Restate only the tail of the data below, starting at the line that contains "this 1333×1848 image." and including the last line, word for word.

------------------------------

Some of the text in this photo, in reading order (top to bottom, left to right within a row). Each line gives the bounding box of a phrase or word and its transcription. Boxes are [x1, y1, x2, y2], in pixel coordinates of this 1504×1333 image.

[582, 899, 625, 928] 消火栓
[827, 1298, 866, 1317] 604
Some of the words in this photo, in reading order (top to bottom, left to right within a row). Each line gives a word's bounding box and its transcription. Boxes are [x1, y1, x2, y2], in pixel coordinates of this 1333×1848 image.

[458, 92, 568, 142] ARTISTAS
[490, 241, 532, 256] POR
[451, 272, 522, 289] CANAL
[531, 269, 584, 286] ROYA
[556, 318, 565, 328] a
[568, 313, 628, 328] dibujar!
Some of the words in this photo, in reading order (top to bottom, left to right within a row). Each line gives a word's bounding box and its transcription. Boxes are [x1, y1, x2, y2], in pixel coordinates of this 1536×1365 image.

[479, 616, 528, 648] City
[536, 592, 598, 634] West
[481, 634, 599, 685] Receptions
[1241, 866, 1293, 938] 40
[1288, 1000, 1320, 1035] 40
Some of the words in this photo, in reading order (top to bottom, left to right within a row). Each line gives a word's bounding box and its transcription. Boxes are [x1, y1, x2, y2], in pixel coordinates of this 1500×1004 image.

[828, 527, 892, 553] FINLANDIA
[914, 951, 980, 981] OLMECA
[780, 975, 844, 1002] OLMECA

------------------------------

» Task response
Some of the words in this photo, in reading order (top to bottom, left to right within a row). Each line gives a word's bounding box and its transcription. Boxes are [x1, y1, x2, y2], in pixel coordinates of this 1333×1848 image.

[458, 92, 568, 142] ARTISTAS
[490, 241, 532, 256] POR
[451, 272, 522, 289] CANAL
[531, 269, 584, 286] ROYA
[556, 318, 565, 328] a
[568, 313, 628, 328] dibujar!
Some of the words in this photo, in reading order (top to bottom, left to right within a row). Each line gives a word's bounding box and its transcription. Boxes are [x1, y1, x2, y2], in pixel coordinates of this 1536×1365 image.

[479, 616, 528, 648] City
[536, 592, 598, 634] West
[481, 634, 599, 685] Receptions
[1241, 866, 1293, 938] 40
[1288, 1000, 1320, 1035] 40
Some of the words in this photo, in reading order (top to bottom, left to right within a row). Each line gives a word's bounding box and its transcription. Boxes are [x1, y1, x2, y2], in pixel coordinates of this 1500×1004 image.

[828, 527, 892, 553] FINLANDIA
[914, 951, 980, 981] OLMECA
[780, 975, 844, 1002] OLMECA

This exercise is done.